The cryptocurrency industry has received the recognition of being one of the fastest growing industry segments, with unparalleled opportunities. However, the crypto-industry has been struggling to reach its full potential due to various long-standing challenges which are hampering progress. Despite its ambiguous relationship with the traditional financial sphere as its competitor and potential partner, an enormous growth in value and variety of assets has made it extremely attractive for investors.
Statistics certainly attest to that fact that cryptocurrencies are not a fad that will blow over but are here to stay. In 2017, crypto-based funding volume surpassed those from traditional avenues like IPOs and private equity. At the same time, with a current market capitalization of cryptocurrencies exceeding $200 billion and continuing to grow exponentially, there is an increase in demand for additional ways to invest in the cryptocurrency-driven economy.
One of the prime examples is the sudden growth in interest for the Bitcoin-linked Greyscale fund in August 2017, which drove its price by over 110% than that of the actual underlying Bitcoin assets. Given this background, demand for securitized crypto assets and crypto derivatives in the next five years is expected to continue to skyrocket.
Investors wishing to acquire crypto assets or exposure to the cryptocurrency growth are now presented with two options – either to purchase “raw” cryptocurrency over a cryptocurrency exchange or purchase a proxy through traditional financial markets. While both avenues are open to individual investors, for multiple reasons, the former is more or less closed to most institutional investors such as pension funds.
Some of the principal issues include a lack of titled rights usable by institutional investors; the lack of a legal framework to enable judicial recovery in case of disputes; and the substantial risk of theft due to security breaches. Cryptoassets cannot be audited at least by the Big Four accounting firms, and cannot be used as collateral within the standard commercial bank framework.
Currently, most trading of cryptocurrencies is done via OTC or crypto exchange channels, all of which carry significant settlement and clearing risks. Furthermore, Blockchain transactions are final and irrevocable regardless of the legal contract states, and these digital assets are not governed by any sovereign state. While this may be desirable for some individual investors, it is a red flag for financial institutions.
While traditional financial markets do offer a few limited avenues, the supply is insufficient, both in terms of quantity and variety. As a result, it has so far been difficult for institutional investors to take advantage of this growth. For example, while investors may purchase Grayscale fund shares, the substantial premiums charged on these results in the price of these shares not always moving in tandem with those of the underlying assets, making them unreliable vehicles for investments. At the same time, there is virtually no way to gain exposure to other leading cryptocurrencies such as Bitcoin Cash or Ethereum.

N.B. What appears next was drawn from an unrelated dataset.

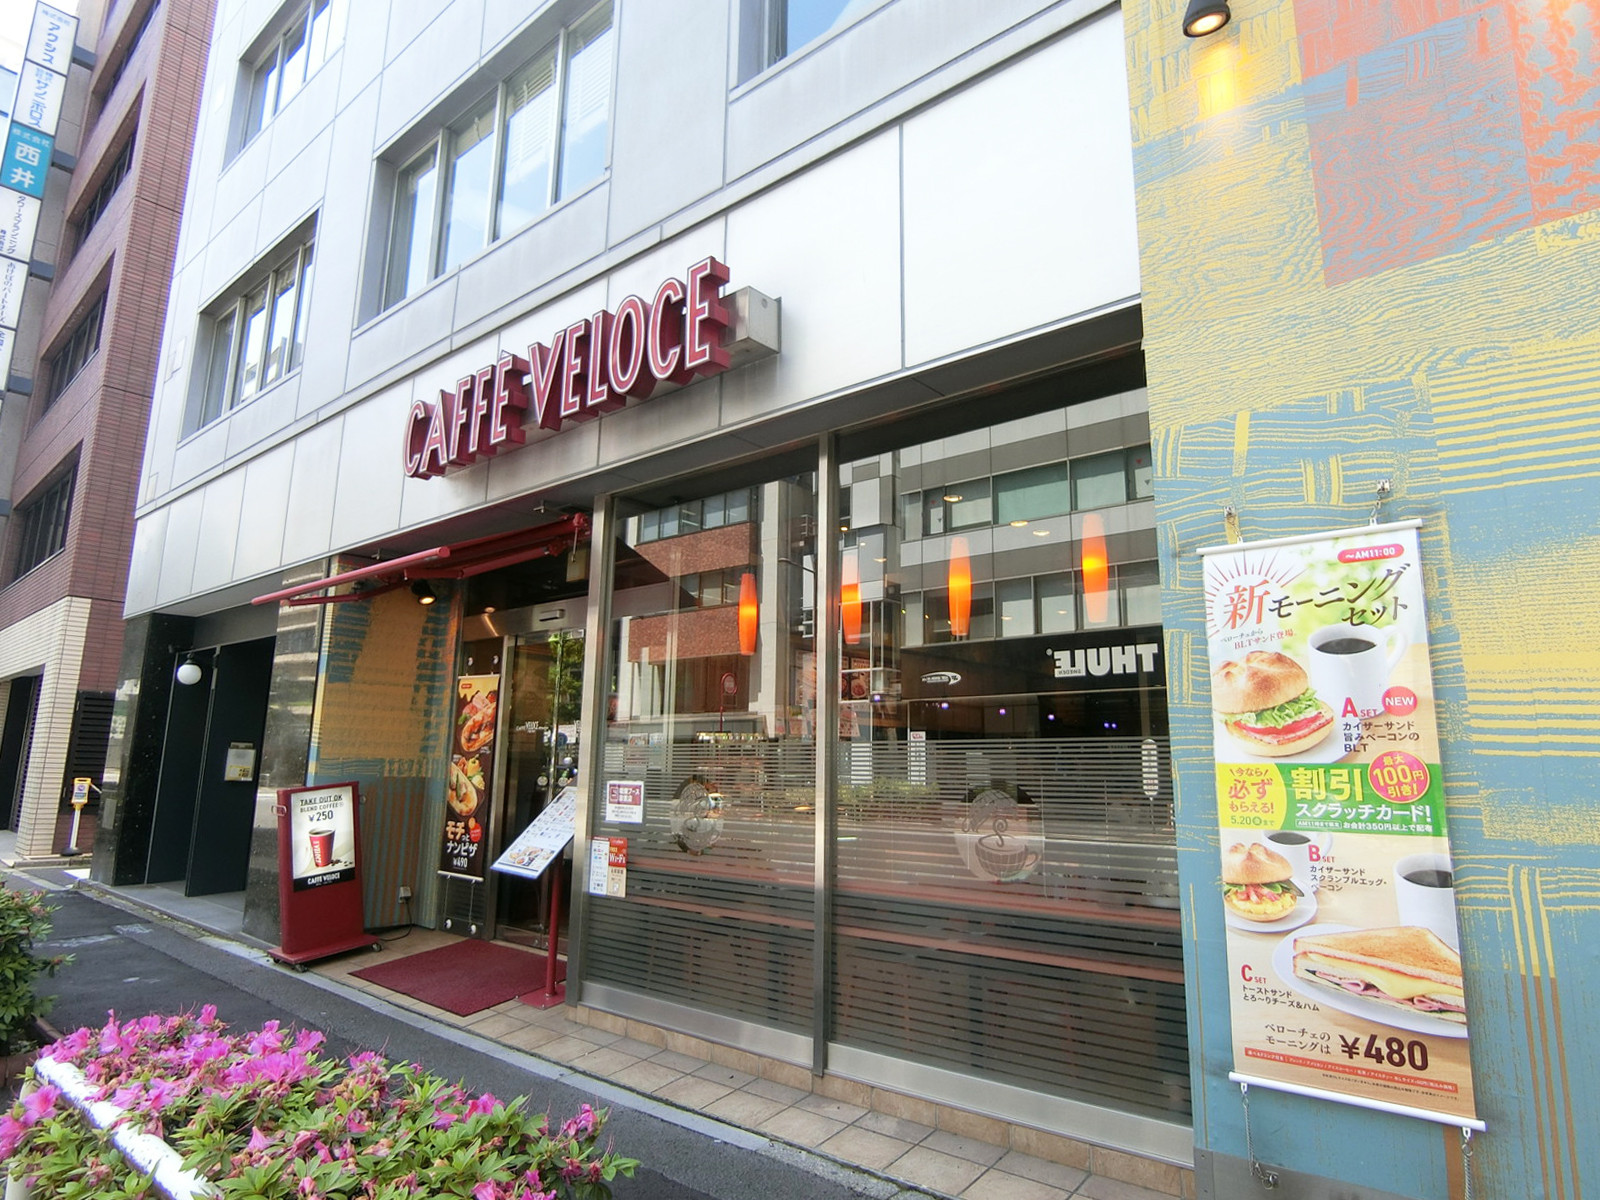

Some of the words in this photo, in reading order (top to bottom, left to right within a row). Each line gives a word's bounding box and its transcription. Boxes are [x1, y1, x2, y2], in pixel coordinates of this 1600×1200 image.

Some of the other disadvantages presented by the products currently available in the market include exposure of investors to the credit risk of the issuer as it only provides indirect exposure to underlying assets. It ends up creating a massive risk for the investors as they could end up losing money if the fund owner goes bankrupt. With all these barriers in place, legacy investors are staying at arm’s length from capitalizing on the emerging opportunities in the industry.
Evgeny Xata, CEO of Luxembourg-based CyberTrust, suggests that a flexible supply of securitized crypto notes could solve some of these problems and that making securitized crypto more accessible will also provide the basis for derivative products such as 3x long BTC. Some financial services companies and fund managers are working on such solutions, but of course, the process is not easy. CyberTrust plans to launch its Global Crypto Notes early in 2018.